Moskau/Chisinau – Ein buntes Zeltstädtchen vor dem Regierungsgebäude macht die moldauische Führung nervös. Rund 100 Zelte sind auf dem "Platz der großen Volksversammlung" in Chisinau aufgebaut, viele mit der blau-gelb-roten Nationalflagge geschmückt. Am Sonntag fanden sich dort 100.000 Menschen ein, um gegen die Regierung und die allgegenwärtige Korruption zu demonstrieren – eine unglaubliche Zahl für das Land mit gerade einmal 3,2 Millionen Einwohnern.

Das Zeltlager macht deutlich: Es war kein einmaliger Wutausbruch. Die Bewohner haben sich auf eine lange Auseinandersetzung eingestellt, eine Feldküche versorgt die Demonstrierenden. Das Geld für die Lebensmittel soll durch Spenden auf der Großdemo zusammengekommen sein. "Wir bleiben bis zum siegreichen Ende", versicherte Sergej Tschebotarjan, einer der Aktivisten der Bürgerplattform DA (Abkürzung für "Würde und Wahrheit").

Der Sieg ist nach Ansicht der Demonstranten der Rücktritt von Präsident Nicolae Timofti und eine vollständige Erneuerung der Regierung. Sein Rücktritt sei derzeit "nicht im Interesse" des Landes, lehnte Timofti am Dienstag die erste Forderung der Opposition ab, ein Gesprächsangebot von Premier Valeriu Strelet – nach einem Fälschungsskandal um Vorgänger Chiril Gaburici erst seit Juli im Amt – ließen die Demonstranten unbeachtet.

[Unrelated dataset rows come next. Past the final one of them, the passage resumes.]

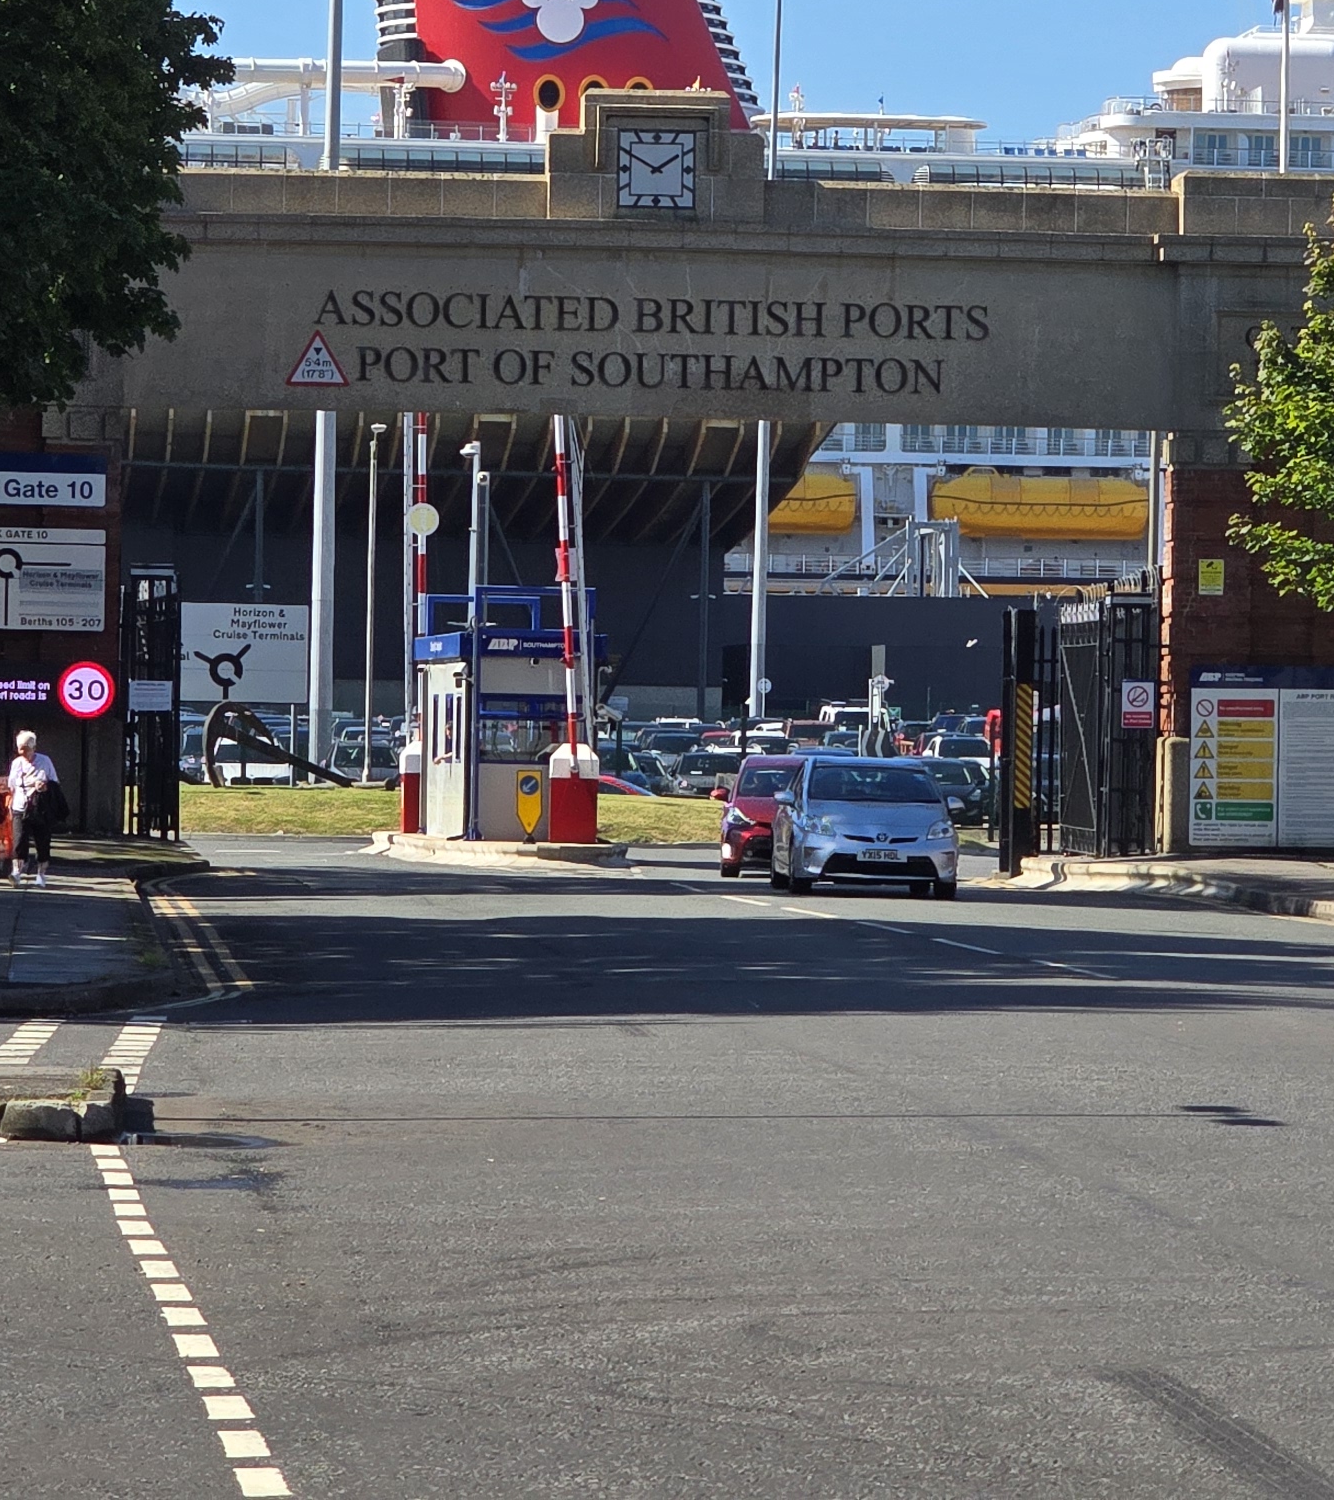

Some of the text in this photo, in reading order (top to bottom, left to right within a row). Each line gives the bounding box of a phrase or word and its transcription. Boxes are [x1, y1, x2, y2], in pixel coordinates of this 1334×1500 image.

[313, 289, 990, 341] ASSOCIATED BRITISH PORTS
[355, 346, 944, 394] PORT OF SOUTHAMPTON
[4, 479, 59, 498] Gate
[67, 481, 93, 499] 10
[5, 530, 33, 539] GATE
[36, 531, 48, 539] 10
[61, 572, 99, 580] Mayflower
[233, 607, 285, 617] Horizon &
[21, 617, 53, 626] Berths
[231, 619, 287, 630] Mayflower
[213, 630, 305, 640] Cruise Terminals
[487, 638, 518, 650] ABP
[17, 681, 35, 690] limit
[38, 682, 50, 690] on
[68, 679, 105, 700] 30
[9, 691, 35, 700] roads
[38, 691, 47, 700] is

Auslöser der massiven Unzufriedenheit ist eine Betrugsaffäre, die das ganze Finanz- und Wirtschaftssystem des Landes bedroht. Im vergangenen Herbst hatten drei Großbanken einen Kredit über eine Milliarde Dollar an Offshorefirmen vergeben, das entspricht 12,5 Prozent des moldauischen Bruttosozialprodukts. Das Geld ist verschwunden, ebenso wie die fiktiven Kreditnehmer.

Diebstahl des Jahrhunderts

"Ich verstehe nicht, wie man eine so große Summe in einem so kleinen Land stehlen kann", kritisierte der EU-Repräsentant in Moldau, Pirkka Tapiola, den Vorgang. IWF und Weltbank stoppten nach dem Skandal vorläufig die Kreditausgabe an die Republik. Die Abwertung der Landeswährung Leu, Inflation und Tariferhöhungen ließen die Bevölkerung verarmen und den Zorn wachsen.

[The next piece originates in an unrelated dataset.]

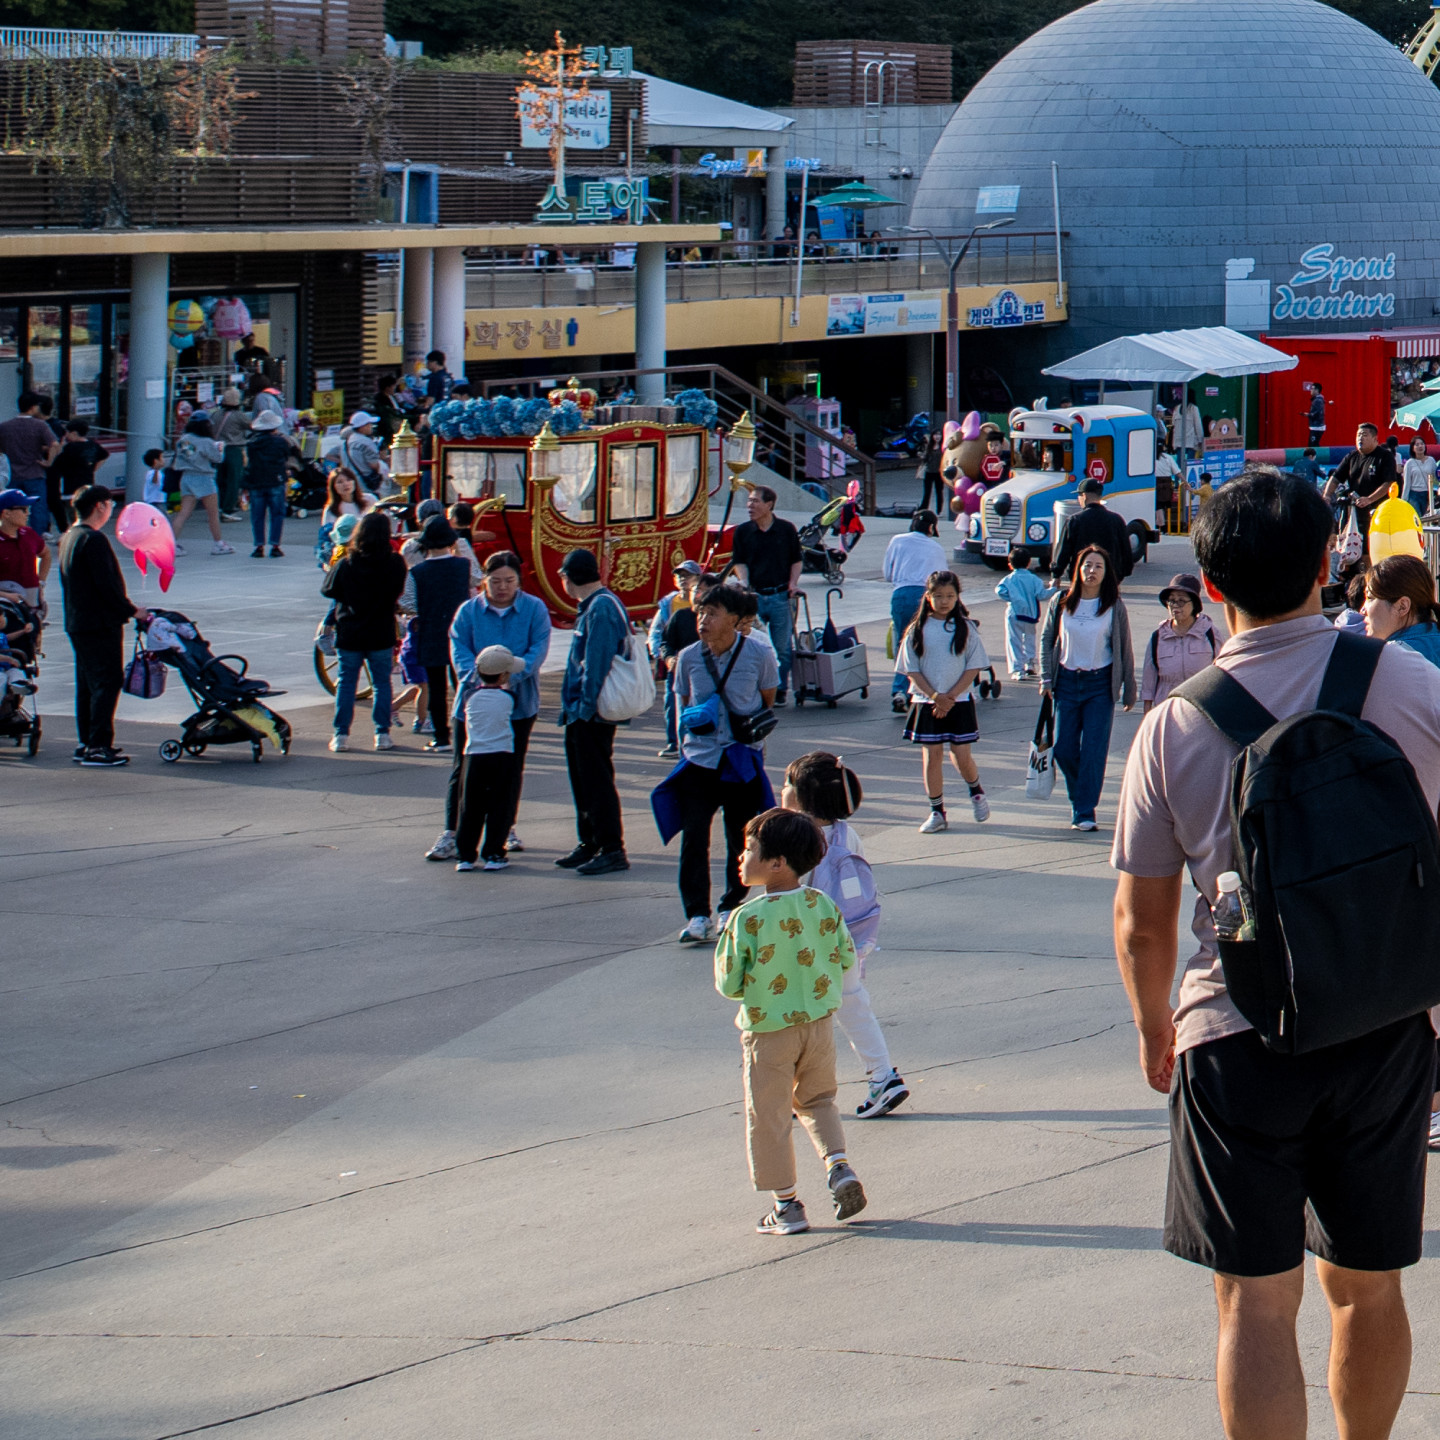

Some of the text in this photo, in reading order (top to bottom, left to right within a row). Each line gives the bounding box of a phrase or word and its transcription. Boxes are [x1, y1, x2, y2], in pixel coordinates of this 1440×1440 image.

Pikanterweise gibt es keine ideologischen Gegensätze zwischen der DA und der Regierung. Letztere hat im vergangenen Herbst das Assoziationsabkommen mit der EU unterzeichnet, die DA tritt mit der Losung "für eine echte europäische Integration" gegen das System von herrschenden Oligarchenclans in der Republik Moldau an. Viele Demonstranten schwenken – ähnlich wie auf dem Kiewer Maidan vor fast zwei Jahren – die EU-Flaggen.

Obwohl mit dem Unternehmer Ilan Schor ein prorussischer Oligarch als einer der Hauptverdächtigen beim "Diebstahl des Jahrhunderts" gilt, könnten kurioserweise ausgerechnet prorussische Parteien Gewinner der Auseinandersetzung sein. Der Bürgermeister von Belz, Renato Usatii, ein weiterer moskaufreundlicher Multimillionär, hat sich inzwischen mit seiner Partei den Protesten angeschlossen. "Vorgezogene Neuwahlen sind die einzige Chance für die Republik Moldau", erklärte er. Usatiis "Unsere Partei", bei den letzten Wahlen noch nicht zugelassen, rechnet sich angesichts der schwer diskreditierten aktuellen Führung gute Chancen aus, sollte es noch im Herbst eine Abstimmung geben. Ob die Bürgerplattform DA sich so schnell in eine funktionierende Partei wandeln kann, ist ungewiss.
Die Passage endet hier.